Tobias se encargaba de los pollos. Klaus limpiaba las máquinas. Sophia degollaba los cerdos. La especialidad de Rainer era volver loca a la gente.

Tiene esa costumbre, un hábito de años. Cuando hace su caminata vespertina, entra al cementerio y visita la tumba sin nombre. Era una especie de juego que tenían de adolescentes y que ella ha perpetuado. Es una tumba de cemento, con una lápida grande, de granito, con su cruz dorada grabada sobre la piedra y una terminación curva, idéntica a todas las demás, excepto que en ella nunca se inscribió ninguna fecha, ningún nombre. Pero todos saben que la tumba pertenece a Hartmut, el primer niño que había partido así, de repente, tras una jornada de caza. Hasta su muerte, solo habían sido enterrados los ancianos. Los jóvenes estaban entrenados para sobrevivir, trabajar sin tregua, nunca enfermarse. Estaban bien alimentados, respiraban aire puro, todos gozaban de buena salud. Por eso, cuando pasaban por el cementerio siempre se las arreglaban para rozar la lápida (y no es que se pusieran de acuerdo: apenas unas miradas, leves gestos, imperceptibles para los tíos, porque no podían hablar entre ellos). Rozar la lápida era una especie de homenaje al pequeño Hartmut, un conjuro para que no les sucediera lo mismo que a él.

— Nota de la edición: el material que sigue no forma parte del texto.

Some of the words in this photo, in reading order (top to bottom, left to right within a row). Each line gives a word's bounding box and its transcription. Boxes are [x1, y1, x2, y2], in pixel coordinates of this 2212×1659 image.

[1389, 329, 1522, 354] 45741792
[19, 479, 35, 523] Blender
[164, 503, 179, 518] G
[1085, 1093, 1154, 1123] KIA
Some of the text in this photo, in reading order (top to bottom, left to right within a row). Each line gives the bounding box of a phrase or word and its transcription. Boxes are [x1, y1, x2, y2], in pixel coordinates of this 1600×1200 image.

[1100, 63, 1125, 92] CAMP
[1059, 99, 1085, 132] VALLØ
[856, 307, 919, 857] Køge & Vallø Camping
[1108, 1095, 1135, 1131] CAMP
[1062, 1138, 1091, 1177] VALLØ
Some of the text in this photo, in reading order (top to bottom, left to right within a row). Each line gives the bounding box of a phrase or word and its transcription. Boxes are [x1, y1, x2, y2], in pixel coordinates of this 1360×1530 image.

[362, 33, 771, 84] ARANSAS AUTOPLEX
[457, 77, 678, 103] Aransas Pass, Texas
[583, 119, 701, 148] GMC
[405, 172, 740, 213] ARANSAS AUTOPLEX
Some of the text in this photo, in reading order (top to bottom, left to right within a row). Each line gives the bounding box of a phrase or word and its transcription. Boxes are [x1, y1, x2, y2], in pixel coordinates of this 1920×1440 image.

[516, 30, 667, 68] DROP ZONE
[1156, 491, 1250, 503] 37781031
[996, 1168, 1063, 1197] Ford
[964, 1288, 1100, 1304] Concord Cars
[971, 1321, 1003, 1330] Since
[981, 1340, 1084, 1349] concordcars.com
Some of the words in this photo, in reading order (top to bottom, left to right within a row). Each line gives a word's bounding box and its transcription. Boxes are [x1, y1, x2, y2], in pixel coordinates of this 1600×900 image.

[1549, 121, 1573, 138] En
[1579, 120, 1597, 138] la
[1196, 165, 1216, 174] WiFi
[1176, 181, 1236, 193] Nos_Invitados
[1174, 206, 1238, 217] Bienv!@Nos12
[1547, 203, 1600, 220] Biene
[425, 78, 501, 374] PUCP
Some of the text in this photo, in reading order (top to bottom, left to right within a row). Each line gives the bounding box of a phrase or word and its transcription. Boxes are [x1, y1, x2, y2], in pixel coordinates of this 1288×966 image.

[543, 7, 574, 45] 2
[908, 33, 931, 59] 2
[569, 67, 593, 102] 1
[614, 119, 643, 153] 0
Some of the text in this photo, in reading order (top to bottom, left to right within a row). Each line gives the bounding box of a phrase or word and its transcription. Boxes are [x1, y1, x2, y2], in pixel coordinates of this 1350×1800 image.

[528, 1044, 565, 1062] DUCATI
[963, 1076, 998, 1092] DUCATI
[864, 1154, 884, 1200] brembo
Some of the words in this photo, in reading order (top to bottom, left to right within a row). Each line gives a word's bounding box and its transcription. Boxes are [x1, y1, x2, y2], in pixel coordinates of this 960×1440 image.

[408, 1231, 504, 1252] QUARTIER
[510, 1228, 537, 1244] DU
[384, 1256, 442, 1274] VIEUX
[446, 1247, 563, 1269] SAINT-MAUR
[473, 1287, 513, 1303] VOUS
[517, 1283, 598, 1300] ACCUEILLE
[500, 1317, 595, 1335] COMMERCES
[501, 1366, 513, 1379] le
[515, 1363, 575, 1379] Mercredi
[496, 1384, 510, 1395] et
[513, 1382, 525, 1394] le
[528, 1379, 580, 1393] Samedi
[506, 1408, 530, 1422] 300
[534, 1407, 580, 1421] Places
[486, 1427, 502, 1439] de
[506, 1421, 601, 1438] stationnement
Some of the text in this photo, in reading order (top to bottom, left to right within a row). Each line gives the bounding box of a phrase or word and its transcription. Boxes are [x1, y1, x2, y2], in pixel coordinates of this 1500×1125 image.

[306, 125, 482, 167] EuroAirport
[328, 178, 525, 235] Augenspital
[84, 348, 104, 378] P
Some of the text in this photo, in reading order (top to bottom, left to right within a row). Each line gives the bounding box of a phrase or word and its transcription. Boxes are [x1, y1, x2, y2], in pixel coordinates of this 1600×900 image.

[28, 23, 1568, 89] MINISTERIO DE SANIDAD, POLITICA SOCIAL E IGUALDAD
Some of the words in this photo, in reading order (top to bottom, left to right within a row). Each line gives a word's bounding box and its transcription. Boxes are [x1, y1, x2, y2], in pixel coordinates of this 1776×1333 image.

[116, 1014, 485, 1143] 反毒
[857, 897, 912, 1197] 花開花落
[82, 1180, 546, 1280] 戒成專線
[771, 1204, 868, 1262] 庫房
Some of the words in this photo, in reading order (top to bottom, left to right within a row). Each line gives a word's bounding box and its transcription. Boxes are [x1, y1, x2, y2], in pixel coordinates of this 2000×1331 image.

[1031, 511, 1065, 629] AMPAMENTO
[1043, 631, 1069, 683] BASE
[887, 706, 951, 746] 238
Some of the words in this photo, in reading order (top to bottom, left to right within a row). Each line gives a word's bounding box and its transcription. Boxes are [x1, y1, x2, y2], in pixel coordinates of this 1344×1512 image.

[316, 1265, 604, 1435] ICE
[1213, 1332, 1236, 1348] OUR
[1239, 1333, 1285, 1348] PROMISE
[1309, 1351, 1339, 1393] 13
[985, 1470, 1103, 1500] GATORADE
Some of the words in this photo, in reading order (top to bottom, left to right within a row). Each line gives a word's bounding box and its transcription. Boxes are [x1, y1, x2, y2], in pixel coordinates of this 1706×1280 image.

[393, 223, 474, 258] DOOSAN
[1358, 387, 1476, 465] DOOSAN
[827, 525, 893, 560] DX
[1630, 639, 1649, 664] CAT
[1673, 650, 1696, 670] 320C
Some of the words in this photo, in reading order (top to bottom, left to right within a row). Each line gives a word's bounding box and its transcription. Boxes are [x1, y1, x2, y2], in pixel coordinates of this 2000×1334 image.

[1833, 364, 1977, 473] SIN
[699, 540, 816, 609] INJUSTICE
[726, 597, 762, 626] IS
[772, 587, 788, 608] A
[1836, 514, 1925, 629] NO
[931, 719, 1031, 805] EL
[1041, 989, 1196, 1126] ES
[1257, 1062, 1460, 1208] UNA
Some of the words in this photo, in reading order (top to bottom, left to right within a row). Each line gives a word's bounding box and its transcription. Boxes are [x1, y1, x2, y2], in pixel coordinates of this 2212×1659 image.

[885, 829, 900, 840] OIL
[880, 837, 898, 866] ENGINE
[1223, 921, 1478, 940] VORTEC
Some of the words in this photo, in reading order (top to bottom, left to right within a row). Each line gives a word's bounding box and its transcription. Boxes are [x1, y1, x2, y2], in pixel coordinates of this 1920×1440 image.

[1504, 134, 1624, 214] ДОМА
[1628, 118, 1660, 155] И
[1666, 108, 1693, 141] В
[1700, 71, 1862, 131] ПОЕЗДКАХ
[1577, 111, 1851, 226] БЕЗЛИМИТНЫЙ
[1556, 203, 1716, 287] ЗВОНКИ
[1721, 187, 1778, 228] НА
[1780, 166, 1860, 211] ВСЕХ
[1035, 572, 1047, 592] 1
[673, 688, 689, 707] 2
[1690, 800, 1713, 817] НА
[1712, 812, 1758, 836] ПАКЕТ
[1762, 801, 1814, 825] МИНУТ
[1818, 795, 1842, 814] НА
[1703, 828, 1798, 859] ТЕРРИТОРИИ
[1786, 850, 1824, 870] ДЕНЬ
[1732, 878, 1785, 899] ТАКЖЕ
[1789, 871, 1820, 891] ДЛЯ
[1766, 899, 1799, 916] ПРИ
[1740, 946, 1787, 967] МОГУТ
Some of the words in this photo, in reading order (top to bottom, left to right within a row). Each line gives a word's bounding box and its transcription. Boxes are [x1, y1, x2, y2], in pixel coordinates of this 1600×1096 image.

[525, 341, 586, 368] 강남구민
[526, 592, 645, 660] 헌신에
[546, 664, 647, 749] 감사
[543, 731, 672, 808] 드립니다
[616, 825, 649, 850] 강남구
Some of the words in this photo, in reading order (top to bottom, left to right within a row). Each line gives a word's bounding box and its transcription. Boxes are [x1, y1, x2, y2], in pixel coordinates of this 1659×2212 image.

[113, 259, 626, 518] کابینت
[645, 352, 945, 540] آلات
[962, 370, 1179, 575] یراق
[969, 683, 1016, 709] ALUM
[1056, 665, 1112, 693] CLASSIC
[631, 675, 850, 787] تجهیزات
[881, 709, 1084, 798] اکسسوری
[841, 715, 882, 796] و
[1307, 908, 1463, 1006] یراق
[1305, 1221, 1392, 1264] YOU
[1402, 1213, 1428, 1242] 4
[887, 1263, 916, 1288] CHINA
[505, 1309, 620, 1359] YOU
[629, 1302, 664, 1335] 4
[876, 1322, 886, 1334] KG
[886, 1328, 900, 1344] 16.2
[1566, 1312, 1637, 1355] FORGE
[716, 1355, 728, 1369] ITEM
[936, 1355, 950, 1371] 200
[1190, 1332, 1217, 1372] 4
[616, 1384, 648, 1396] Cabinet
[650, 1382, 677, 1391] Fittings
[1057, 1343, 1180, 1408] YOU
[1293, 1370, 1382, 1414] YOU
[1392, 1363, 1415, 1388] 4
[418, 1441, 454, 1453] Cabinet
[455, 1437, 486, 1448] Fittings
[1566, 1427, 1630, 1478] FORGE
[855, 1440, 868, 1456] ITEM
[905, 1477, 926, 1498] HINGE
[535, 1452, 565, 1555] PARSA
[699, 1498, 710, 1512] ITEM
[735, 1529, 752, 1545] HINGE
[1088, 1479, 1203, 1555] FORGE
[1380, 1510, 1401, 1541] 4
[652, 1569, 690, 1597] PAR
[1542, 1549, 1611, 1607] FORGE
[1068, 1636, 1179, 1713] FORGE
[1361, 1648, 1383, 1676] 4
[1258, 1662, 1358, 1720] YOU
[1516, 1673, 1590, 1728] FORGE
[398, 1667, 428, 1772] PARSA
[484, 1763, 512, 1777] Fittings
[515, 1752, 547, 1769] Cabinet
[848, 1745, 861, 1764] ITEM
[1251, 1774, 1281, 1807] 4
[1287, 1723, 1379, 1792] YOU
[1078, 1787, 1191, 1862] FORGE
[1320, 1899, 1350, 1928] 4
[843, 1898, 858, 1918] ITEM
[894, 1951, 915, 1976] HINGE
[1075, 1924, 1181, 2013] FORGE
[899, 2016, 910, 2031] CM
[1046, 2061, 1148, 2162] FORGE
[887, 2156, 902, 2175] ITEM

El cementerio colinda con el bosque y está en un lugar privilegiado desde el que se ven las montañas y el río. A Lutgarda le gusta visitarlo sobre todo en esta época del año, sobre todo a esas horas, cuando ya el calor ha bajado y el aire y la tierra y las piedras comienzan a enfriarse. El final del verano deja un polvillo sobre las hojas que las próximas lluvias se ocuparán de lavar. Quiere ser enterrada allí, ojalá en la tercera línea de tumbas, la que tiene menos vista pero que permanece más resguardada, amparada por tres nogales que indican el camino que se interna en la espesura.

Hartmut Münch murió en el bosque, me dice de pronto en un español trabado, de pie junto a la tumba. Y aunque ya conozco dos o tres versiones de esa historia, la invito a hablar. Fue a fines de los 80. Más de 20 años ya, agrega con un suspiro. Dijeron que había sido un accidente, que se rompió la cabeza al caerse de la parte trasera de un camión. Así lo contó a todos la doctora Gisela. Fue ella quien lo atendió cuando llegó al hospital de la colonia. El tío Wohri lo llevó desvanecido en el mismo camión del que había caído y, sin decir nada, lo dejó a las puertas del hospital. Una herida enorme le cruzaba la cabeza, de aquí allá (Lutgarda traza una línea en su propia cabeza, de un costado a otro sobre el parietal derecho). Tenía el pulso y la presión muy bajos, y ya no había nada, nada que hacer. En el hospital intentaron salvarlo, pero falleció media hora después de haber llegado. Tenía ocho años.

Tiempo después, a la policía le dio por hurgar en la muerte de Hartmut. Y llegaban y preguntaban, una y otra vez, cómo había sido, qué había pasado. La doctora Gisela tuvo que desplazarse hasta la comisaría del pueblo y declarar ante un juez (ella, que jamás salía aunque por su rango tuviera per- miso para hacerlo). Nadie había notificado a las autoridades del accidente y ahora reclamaban por ello, nadie entendía muy bien por qué. Tampoco se había hecho autopsia del cuerpo. Simplemente lo habían enterrado de inmediato, en esa tumba sin nombre.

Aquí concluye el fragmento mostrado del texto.